うつ病が治るとは?

2019年12月23日(月)

「病気が治るとはどのようなことでしょうか?」といった質問を受けることがあります。身も心もつらくて受診したものの、治療が進むとある程度良くなっていきます。

ところが、まだ治っていないところもあり、一体治るとはどのようなことなのかわからなくなってしまうのです。このようなことは治療が長引いたうつ病の患者さんに多くみられます。

うつ病が治るとはどのようなことでしょう?うつ病になると、悲しい気持ち、気分の落ち込み、意欲がなくなるなどこころの症状が現れます。また、身体がだるくなる、ひどく疲れやすくなるなどの身体症状も現れます。
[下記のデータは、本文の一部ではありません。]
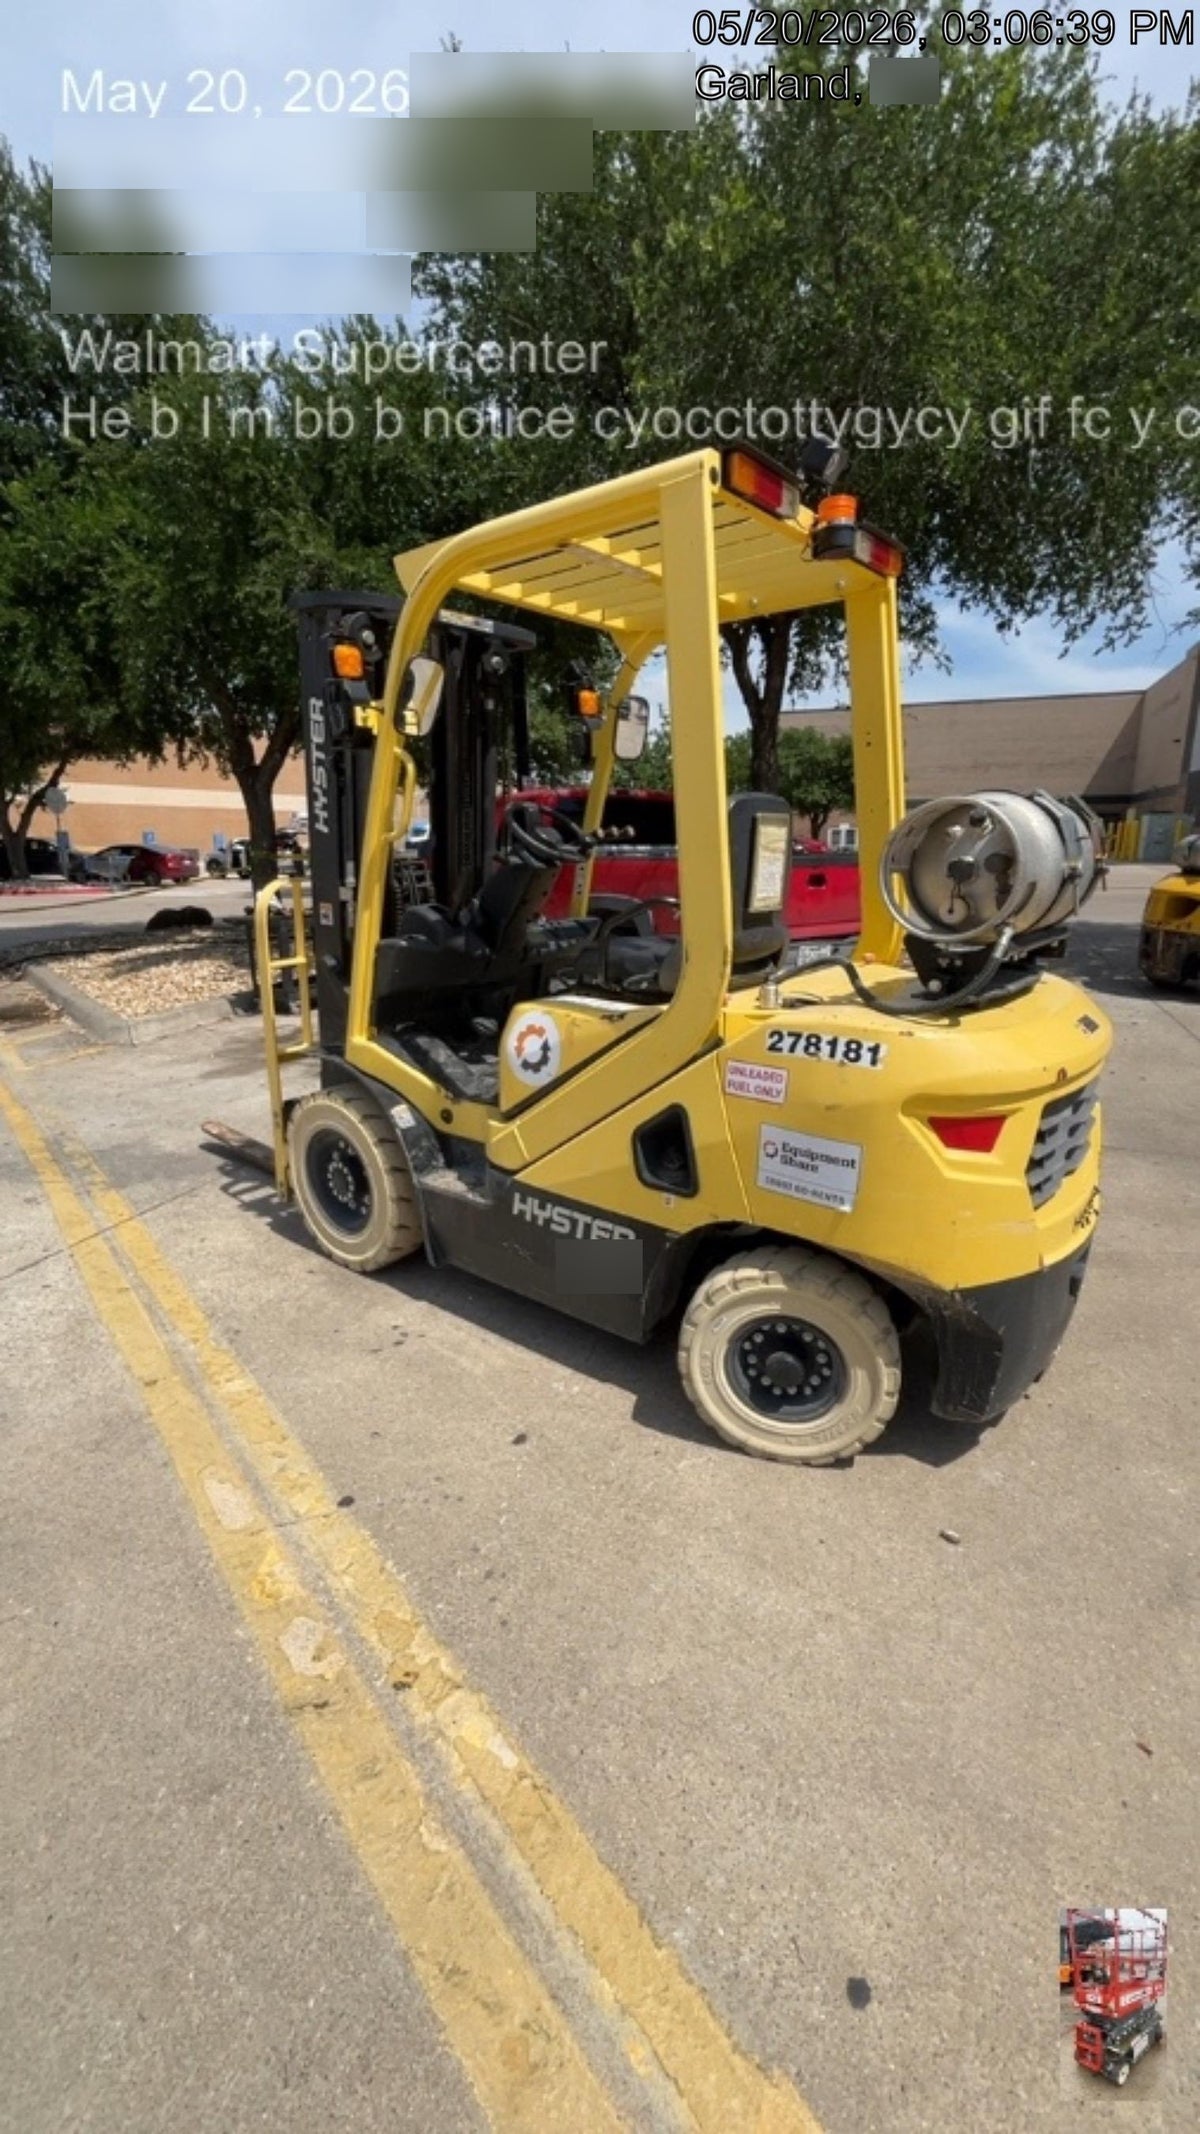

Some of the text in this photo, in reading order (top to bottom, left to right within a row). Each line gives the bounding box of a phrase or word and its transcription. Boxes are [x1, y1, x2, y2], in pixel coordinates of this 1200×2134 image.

うつ病はこころの病気ですが、身体症状も現れる病気です。症状が軽いうちは、仕事、勉強、家事などを何とか続けていますが、症状が悪化すると、仕事を休みがちになる、家事が手につかなくなるなど日常生活に支障をきたすようになります。

気分の落ち込みなどの症状は薬で治りやすい症状ですが、疲れやすさ、だるさなどの身体症状は長く続く症状です。身体症状が治らないと、仕事や家事の能率は下がったままで、本来の能力を発揮できません。

身体症状は、自分の意思とは関係なく勝手に現れてしまう症状です。何とか頑張ろうと思っても、気合いだけでは空回りするだけで、かえって無力感に苛まれたり、自責の念が湧いてしまいます。

身体症状を治すためには、薬を飲むだけでなく、生活改善が必要です。規則的な生活、過剰なストレスを避けた無理のない生活が基本になります。このような健康な生活を続けていけば、身体症状は自然に良くなっていきます。

ある程度症状が取れてきたら、無理のない範囲で少しずつ動くようにします。それもできるだけ毎日同じペースで動く。持続可能な動きを継続し、あせらず徐々に回復を目指しましょう。そして、身体が健康になるとこころは更に健康になる良循環が始まります。

うつ病が治るとは、うつや不安などの症状がなくなるだけでなく、病気になる前の状態を完全に回復することです。そのためには、薬で症状を改善するのみではなく、主治医と相談しながら日常生活を適切に改善し、真に健康な状態を目指しましょう。

真に健康な状態を回復すれば、仕事、勉強、家事など日常生活は普通にできるようになります。病気になる前と同じように、友達との交流や趣味も楽しむことができるようになります。

今はうつでこころも身体も自由にならなくても、治療と生活改善により必ず回復できるのです。